§ **Task brief**: Give back every record verbatim, but not the pictures.
Top of Dataset excerpts
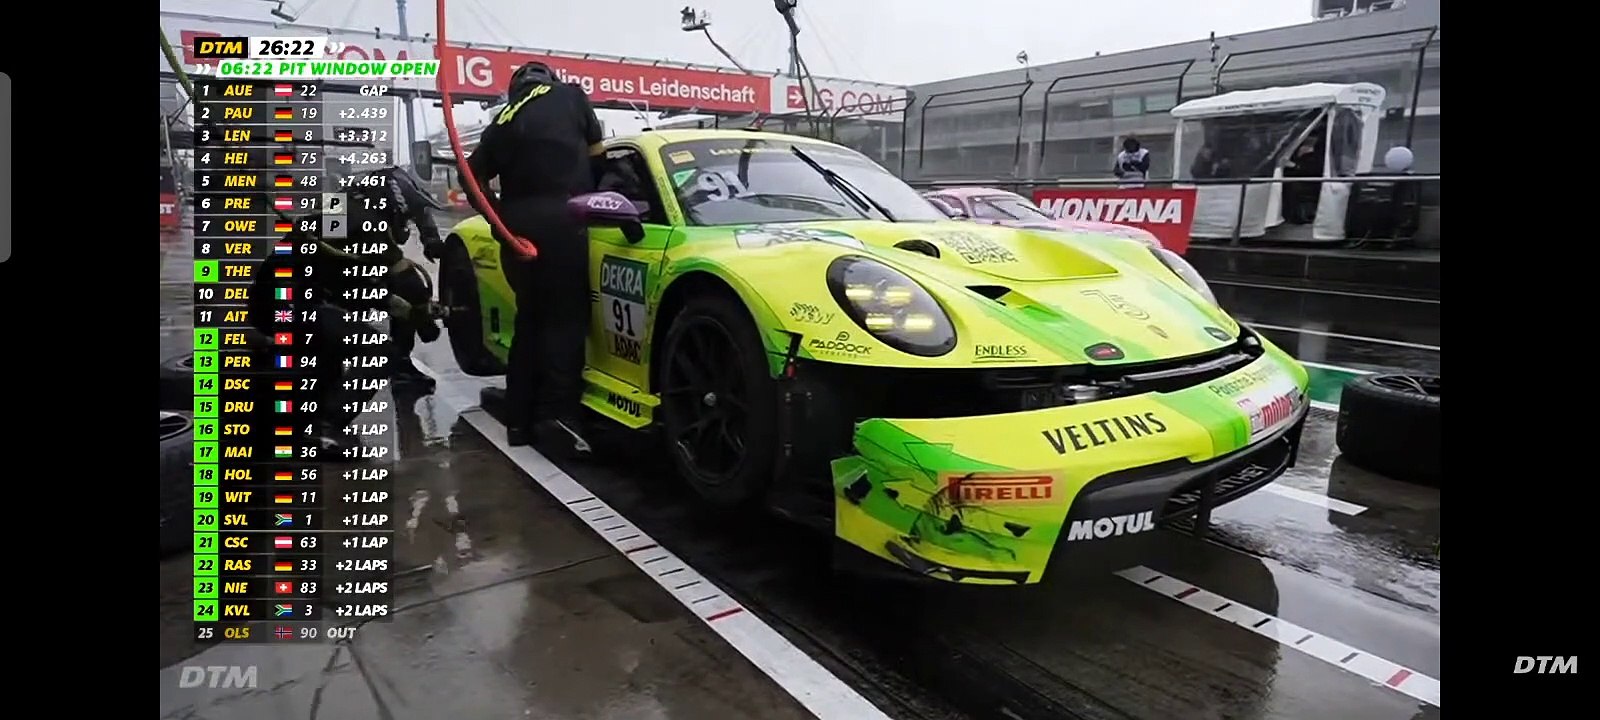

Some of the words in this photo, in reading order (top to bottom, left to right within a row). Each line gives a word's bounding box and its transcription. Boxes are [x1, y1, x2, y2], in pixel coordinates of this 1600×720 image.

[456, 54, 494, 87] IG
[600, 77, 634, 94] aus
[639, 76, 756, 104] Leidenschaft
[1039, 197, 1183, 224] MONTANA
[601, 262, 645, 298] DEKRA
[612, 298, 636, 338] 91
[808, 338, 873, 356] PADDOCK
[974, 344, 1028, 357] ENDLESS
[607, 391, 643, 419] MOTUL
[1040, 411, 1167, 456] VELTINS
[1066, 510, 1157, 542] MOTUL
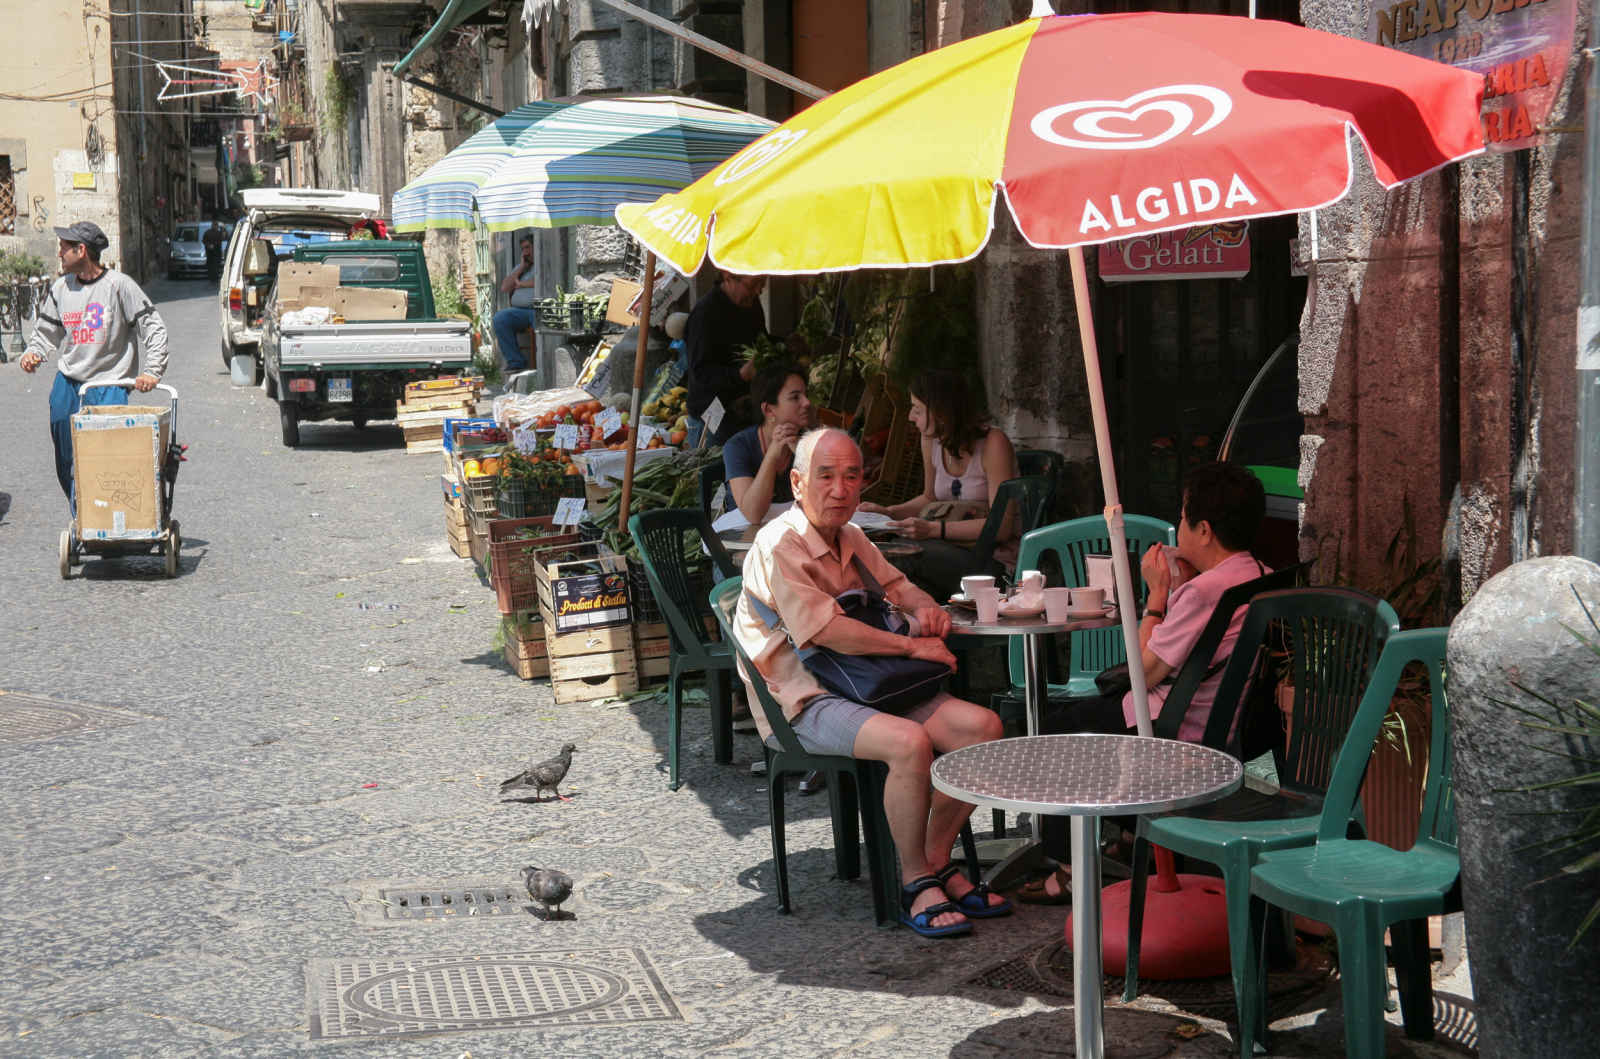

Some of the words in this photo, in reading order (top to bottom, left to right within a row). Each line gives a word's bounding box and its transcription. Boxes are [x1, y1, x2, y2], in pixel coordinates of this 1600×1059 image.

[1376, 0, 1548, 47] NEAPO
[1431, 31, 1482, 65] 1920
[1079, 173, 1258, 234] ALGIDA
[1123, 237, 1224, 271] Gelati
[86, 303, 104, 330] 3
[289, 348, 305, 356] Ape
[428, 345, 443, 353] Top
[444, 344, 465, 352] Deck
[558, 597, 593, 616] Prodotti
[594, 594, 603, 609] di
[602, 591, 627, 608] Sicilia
Bottom of Dataset excerpts
§ **Worked solution**:
Some of the words in this photo, in reading order (top to bottom, left to right within a row). Each line gives a word's bounding box and its transcription. Boxes are [x1, y1, x2, y2], in pixel coordinates of this 1600×720 image.

[456, 54, 494, 87] IG
[600, 77, 634, 94] aus
[639, 76, 756, 104] Leidenschaft
[1039, 197, 1183, 224] MONTANA
[601, 262, 645, 298] DEKRA
[612, 298, 636, 338] 91
[808, 338, 873, 356] PADDOCK
[974, 344, 1028, 357] ENDLESS
[607, 391, 643, 419] MOTUL
[1040, 411, 1167, 456] VELTINS
[1066, 510, 1157, 542] MOTUL

Some of the words in this photo, in reading order (top to bottom, left to right within a row). Each line gives a word's bounding box and its transcription. Boxes are [x1, y1, x2, y2], in pixel coordinates of this 1600×1059 image.

[1376, 0, 1548, 47] NEAPO
[1431, 31, 1482, 65] 1920
[1079, 173, 1258, 234] ALGIDA
[1123, 237, 1224, 271] Gelati
[86, 303, 104, 330] 3
[289, 348, 305, 356] Ape
[428, 345, 443, 353] Top
[444, 344, 465, 352] Deck
[558, 597, 593, 616] Prodotti
[594, 594, 603, 609] di
[602, 591, 627, 608] Sicilia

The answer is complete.